## Task objective
Write out every entry below exactly as it appears. Pictures do not belong in the copy.

[Collection entries]

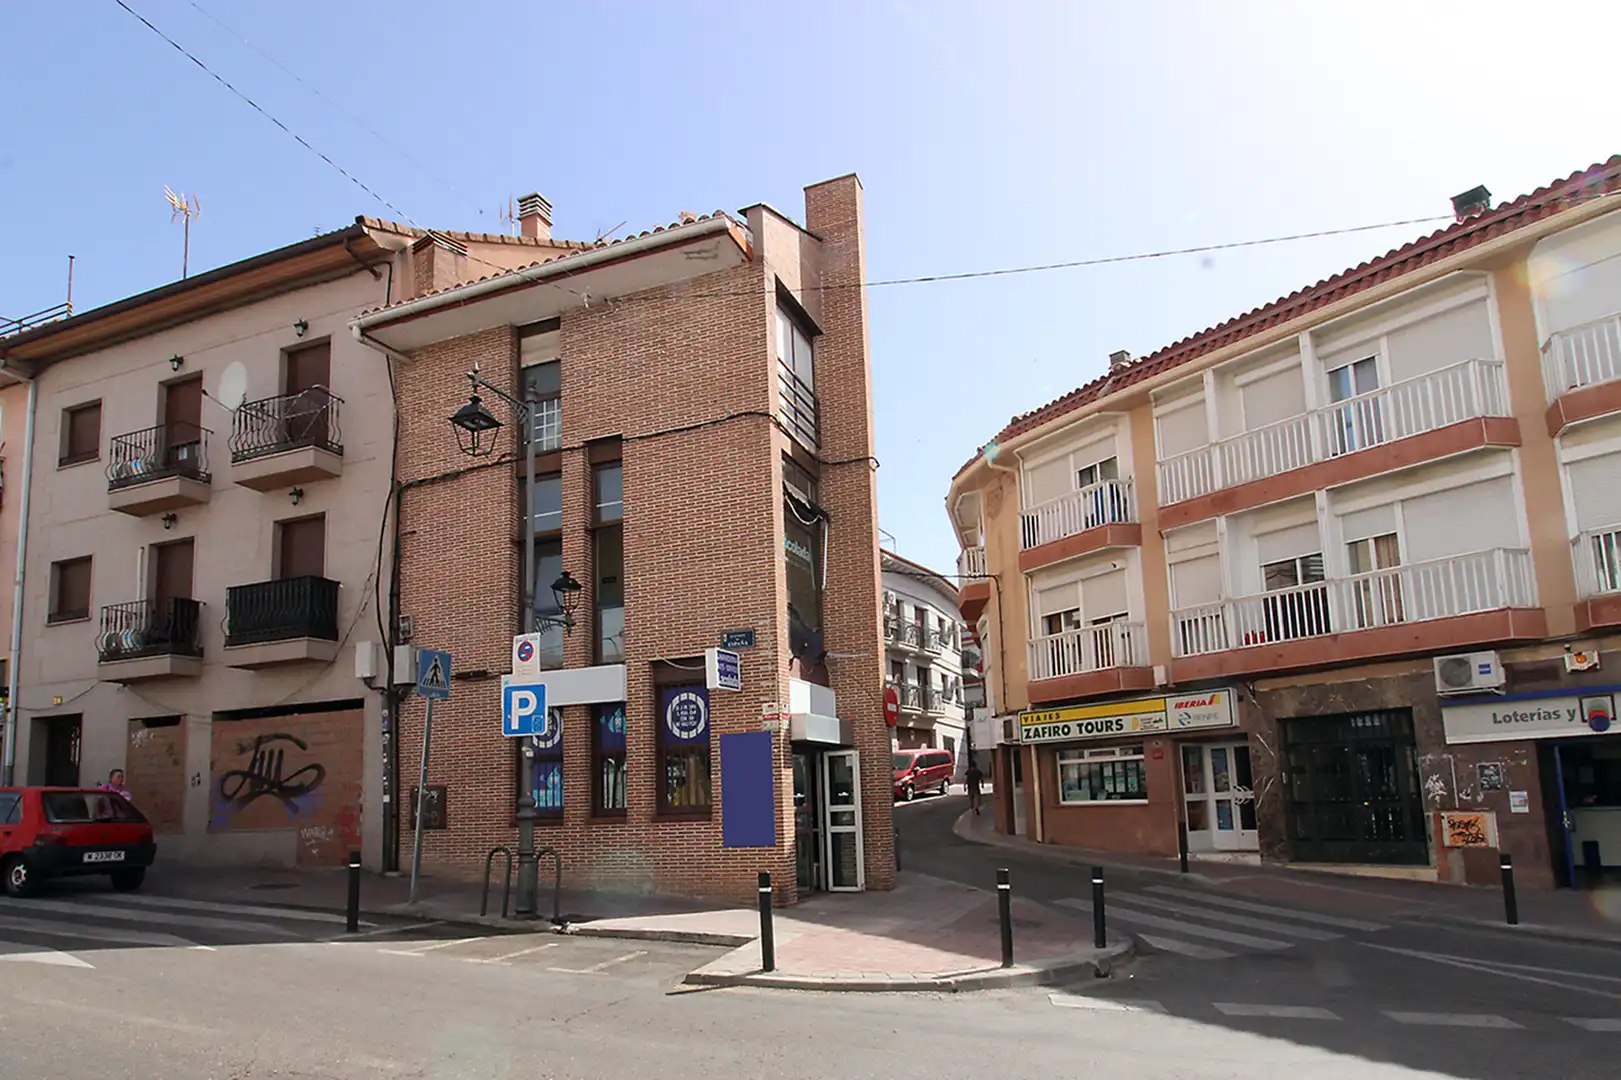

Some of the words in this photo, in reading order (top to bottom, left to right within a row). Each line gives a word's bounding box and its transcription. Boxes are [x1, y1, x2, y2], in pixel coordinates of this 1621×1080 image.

[511, 690, 538, 730] P
[1174, 699, 1207, 709] IBERIA
[1022, 712, 1061, 723] VIAJES
[1492, 708, 1561, 724] Loterías
[1567, 708, 1576, 722] y
[1024, 724, 1071, 739] ZAFIRO
[1077, 719, 1124, 735] TOURS
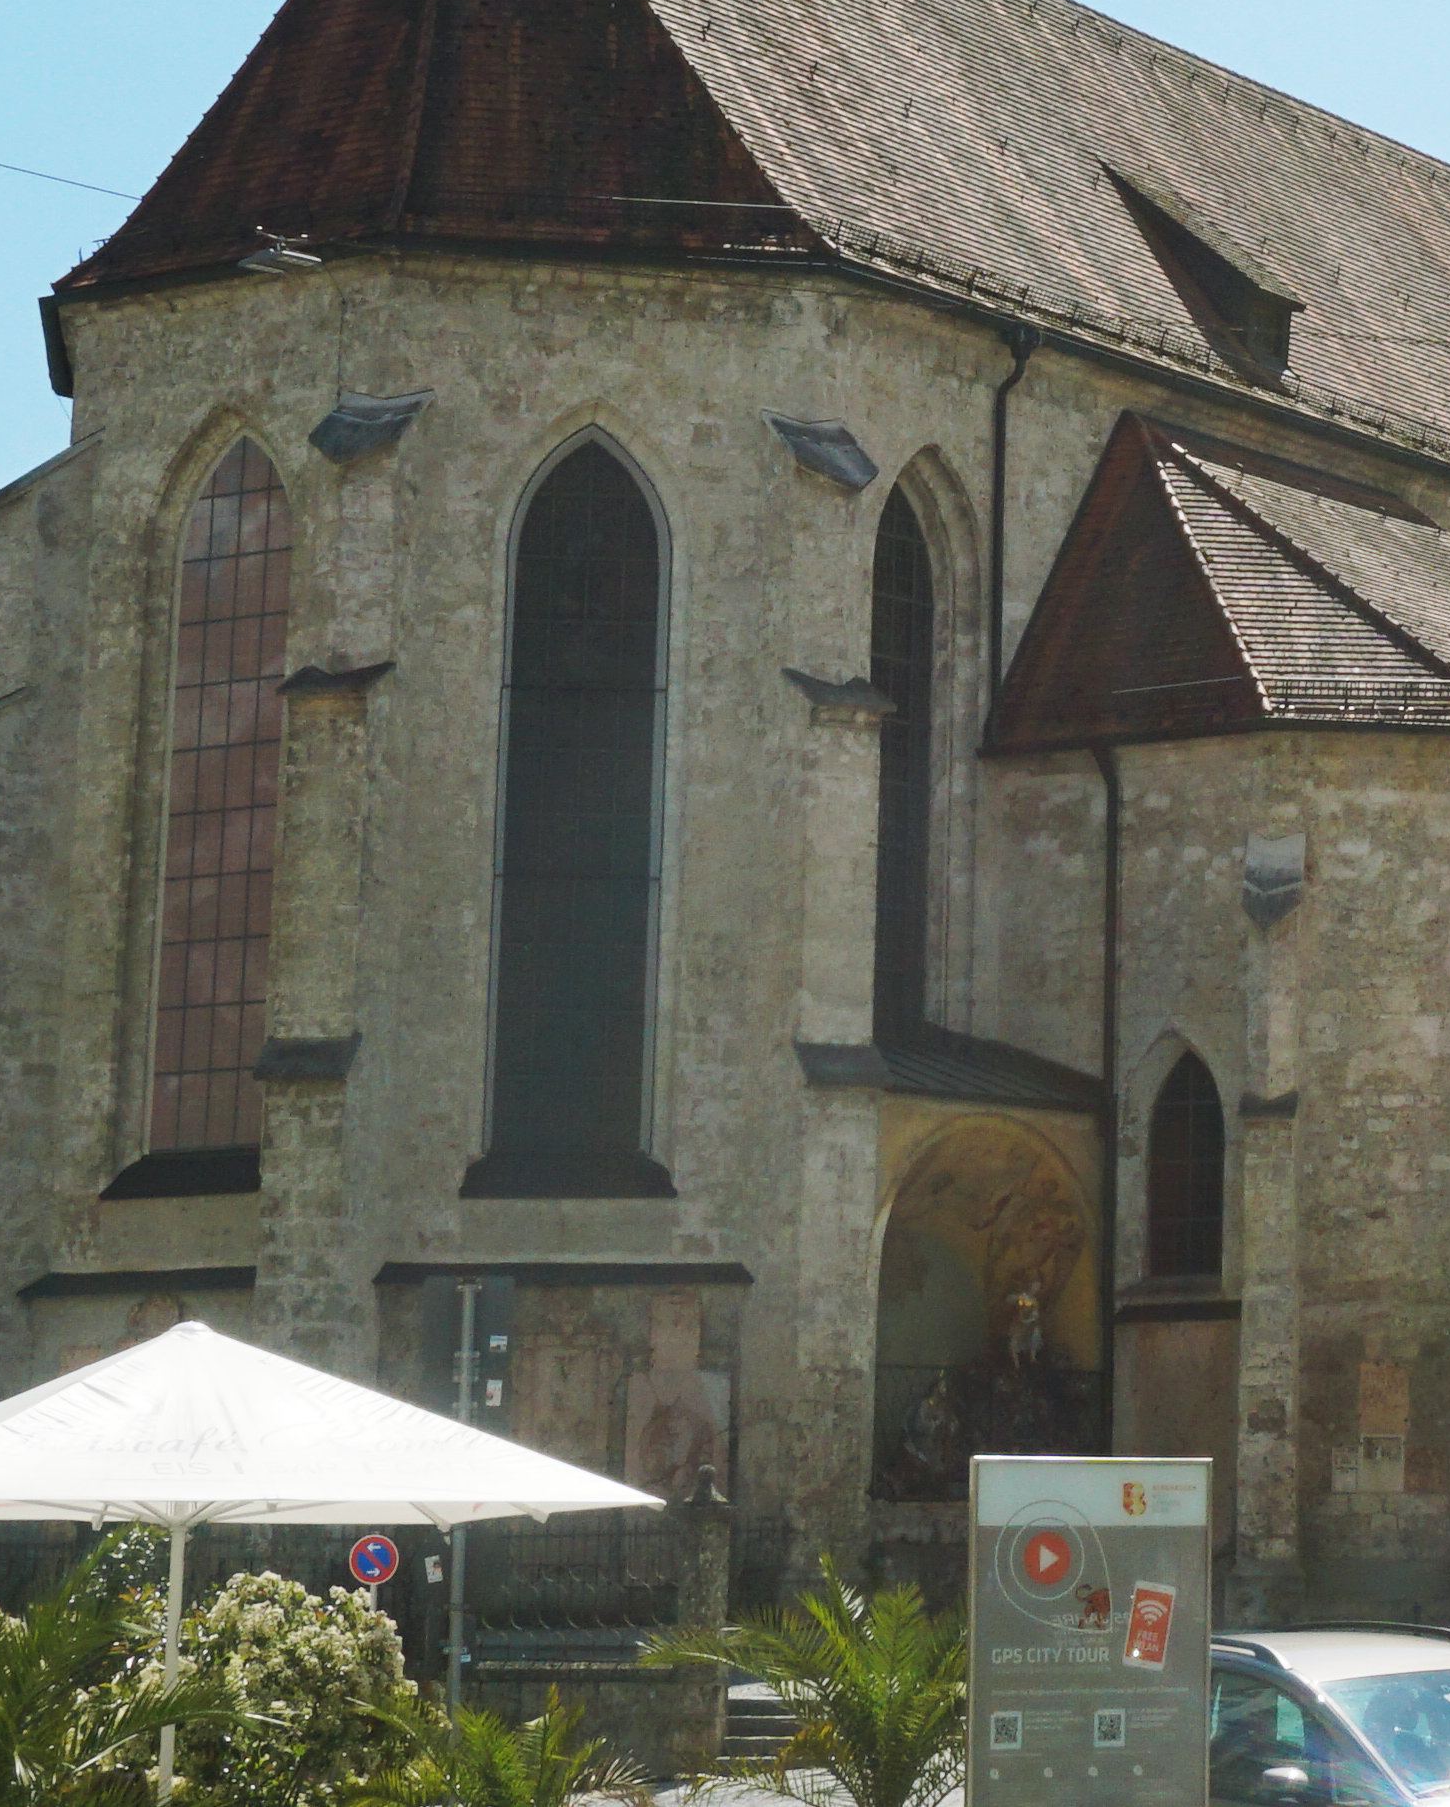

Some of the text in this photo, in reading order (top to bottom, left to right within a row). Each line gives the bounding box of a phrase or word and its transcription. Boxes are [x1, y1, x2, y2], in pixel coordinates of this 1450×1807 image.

[991, 1647, 1110, 1664] GPS CITY TOUR
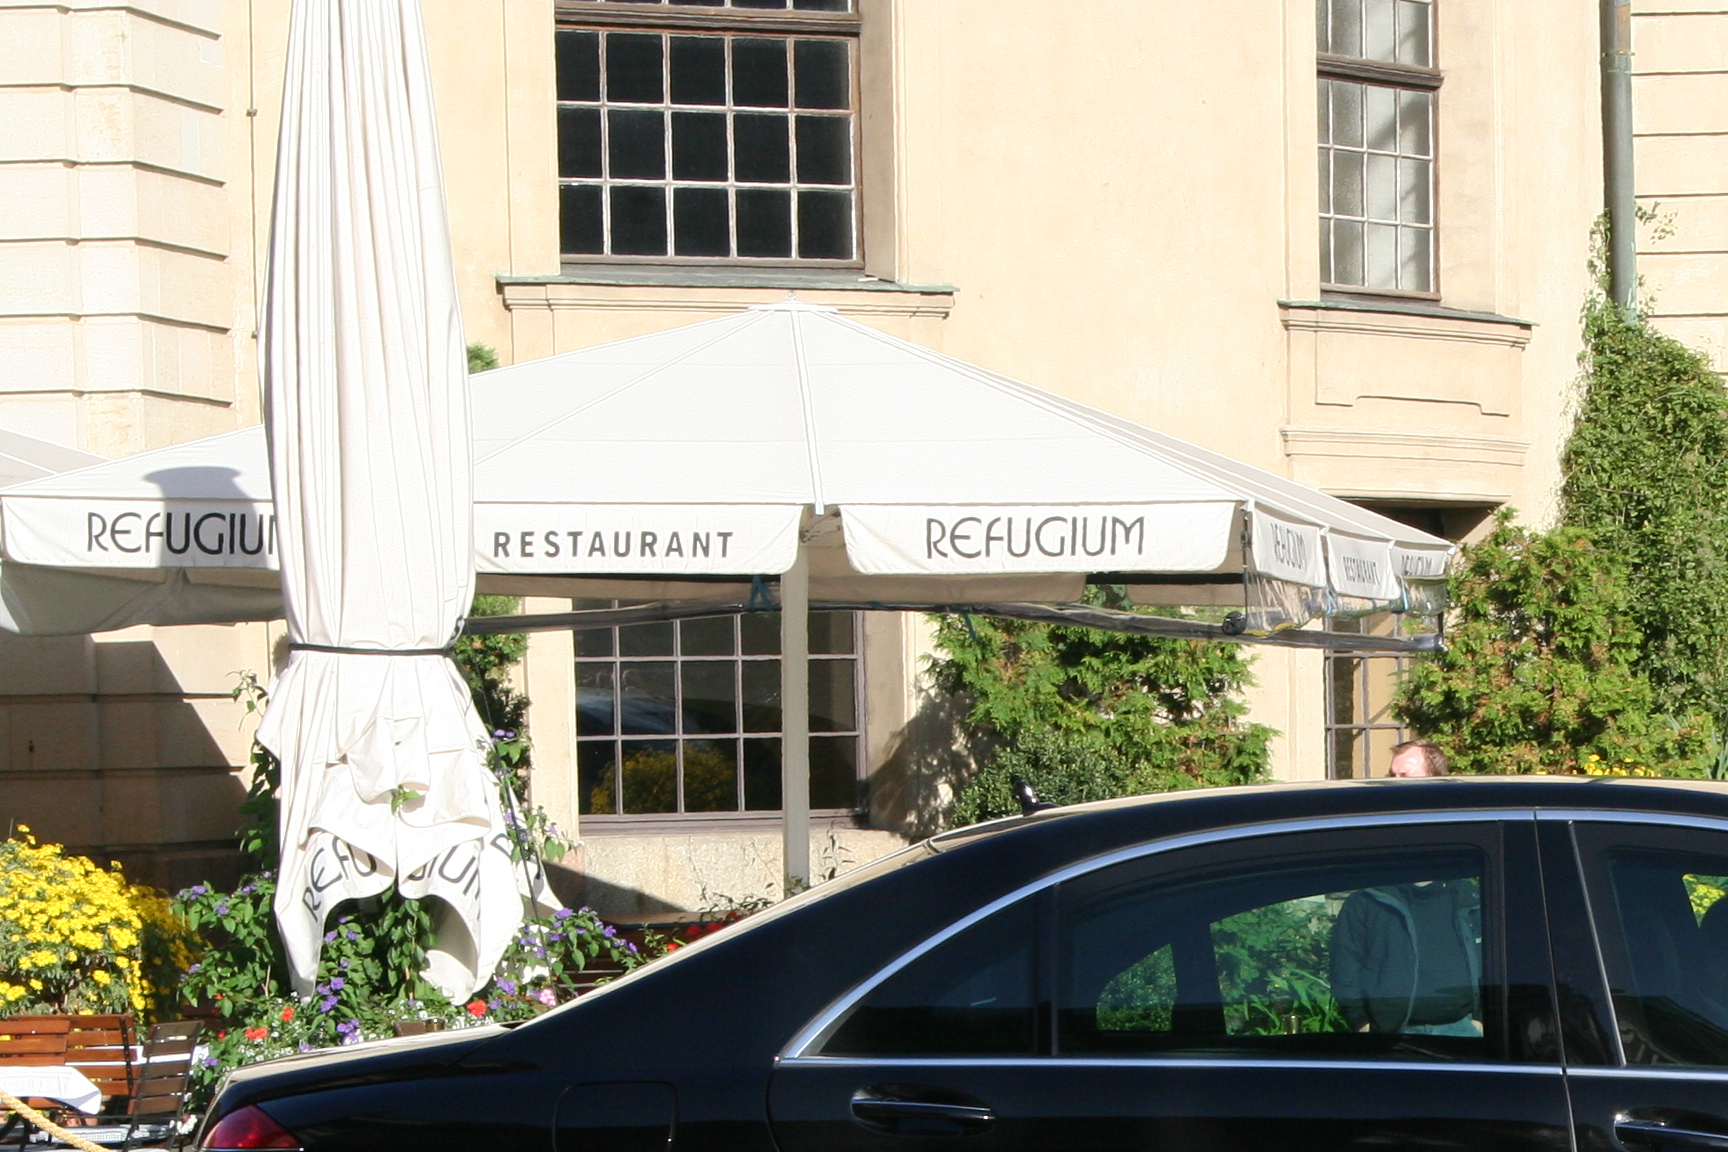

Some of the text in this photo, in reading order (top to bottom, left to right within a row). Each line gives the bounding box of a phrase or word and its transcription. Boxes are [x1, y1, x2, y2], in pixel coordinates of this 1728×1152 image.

[493, 530, 734, 559] RESTAURANT
[926, 515, 1145, 560] REFUGIUM
[302, 835, 481, 922] REFUIU
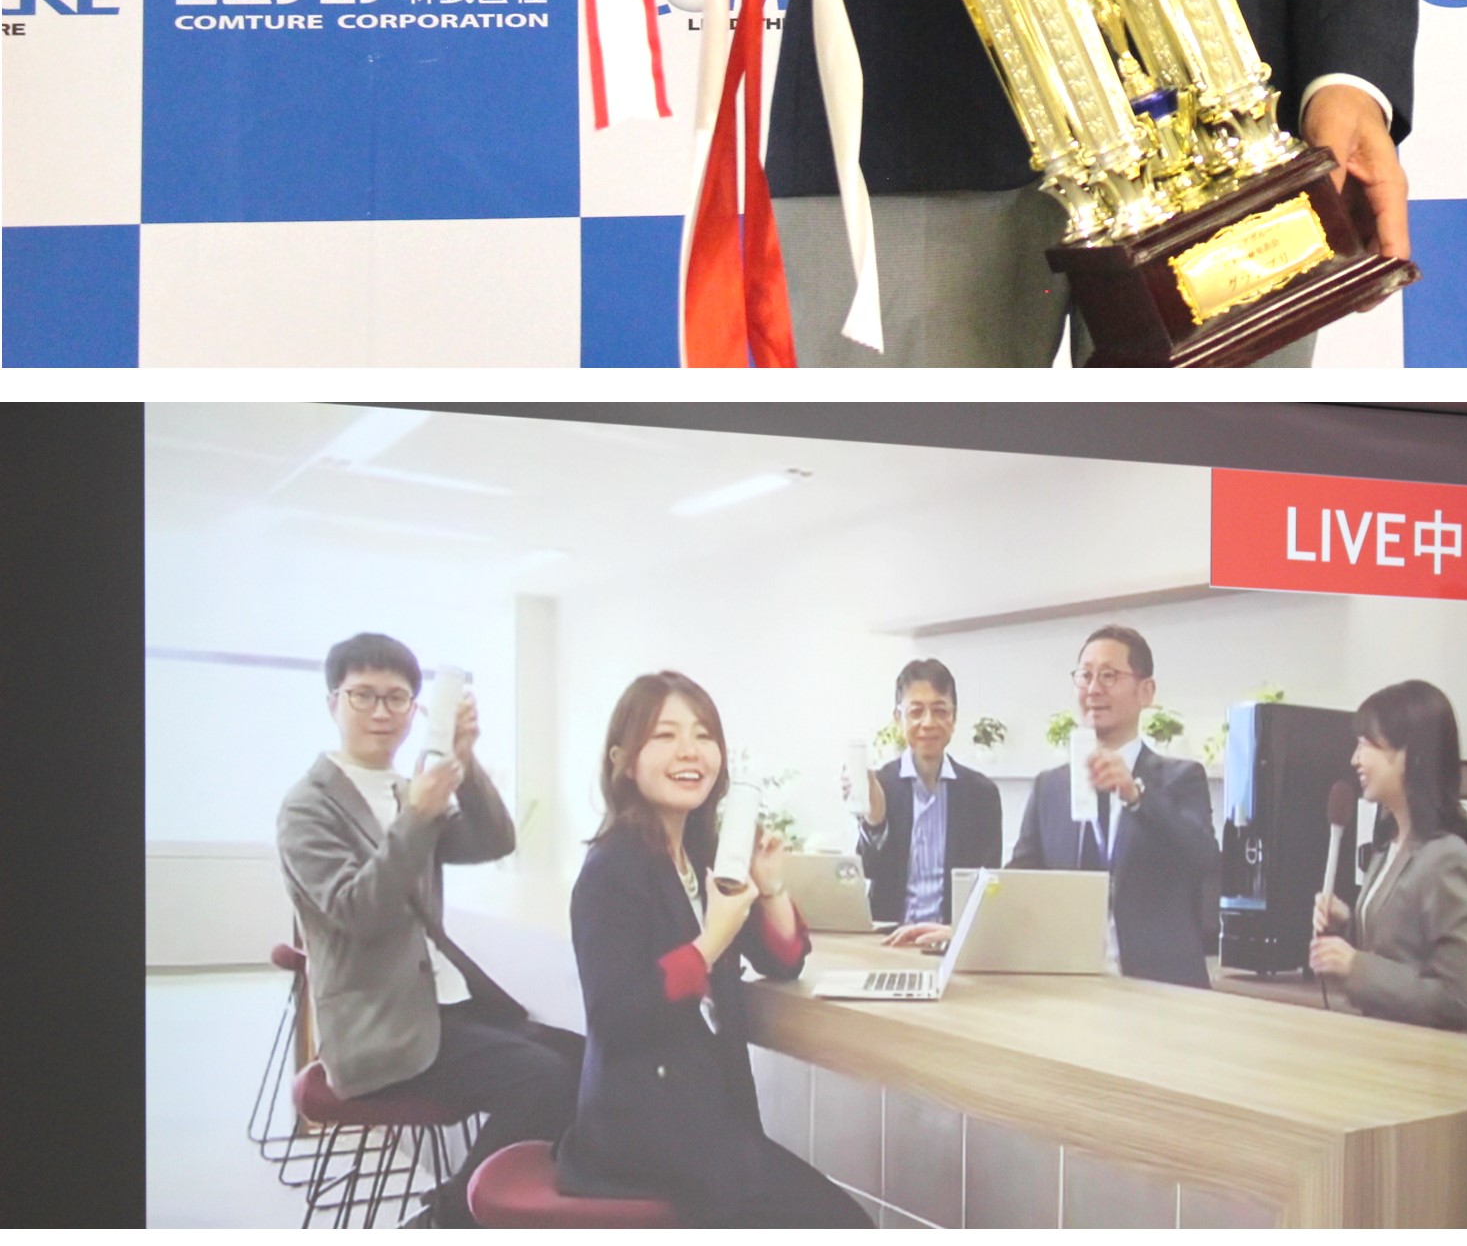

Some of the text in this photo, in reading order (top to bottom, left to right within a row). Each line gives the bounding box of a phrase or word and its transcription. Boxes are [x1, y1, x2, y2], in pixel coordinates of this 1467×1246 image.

## Response
Some of the words in this photo, in reading order (top to bottom, left to right within a row). Each line gives a word's bounding box and its transcription. Boxes are [x1, y1, x2, y2], in pixel coordinates of this 1621×1080 image.

[511, 690, 538, 730] P
[1174, 699, 1207, 709] IBERIA
[1022, 712, 1061, 723] VIAJES
[1492, 708, 1561, 724] Loterías
[1567, 708, 1576, 722] y
[1024, 724, 1071, 739] ZAFIRO
[1077, 719, 1124, 735] TOURS

Some of the text in this photo, in reading order (top to bottom, left to right within a row). Each line gives the bounding box of a phrase or word and its transcription. Boxes are [x1, y1, x2, y2], in pixel coordinates of this 1450×1807 image.

[991, 1647, 1110, 1664] GPS CITY TOUR

Some of the text in this photo, in reading order (top to bottom, left to right within a row). Each line gives the bounding box of a phrase or word and its transcription. Boxes are [x1, y1, x2, y2], in pixel coordinates of this 1728×1152 image.

[493, 530, 734, 559] RESTAURANT
[926, 515, 1145, 560] REFUGIUM
[302, 835, 481, 922] REFUIU

Some of the text in this photo, in reading order (top to bottom, left to right within a row). Each line gives the bounding box of a phrase or word and its transcription. Boxes are [x1, y1, x2, y2], in pixel coordinates of this 1467×1246 image.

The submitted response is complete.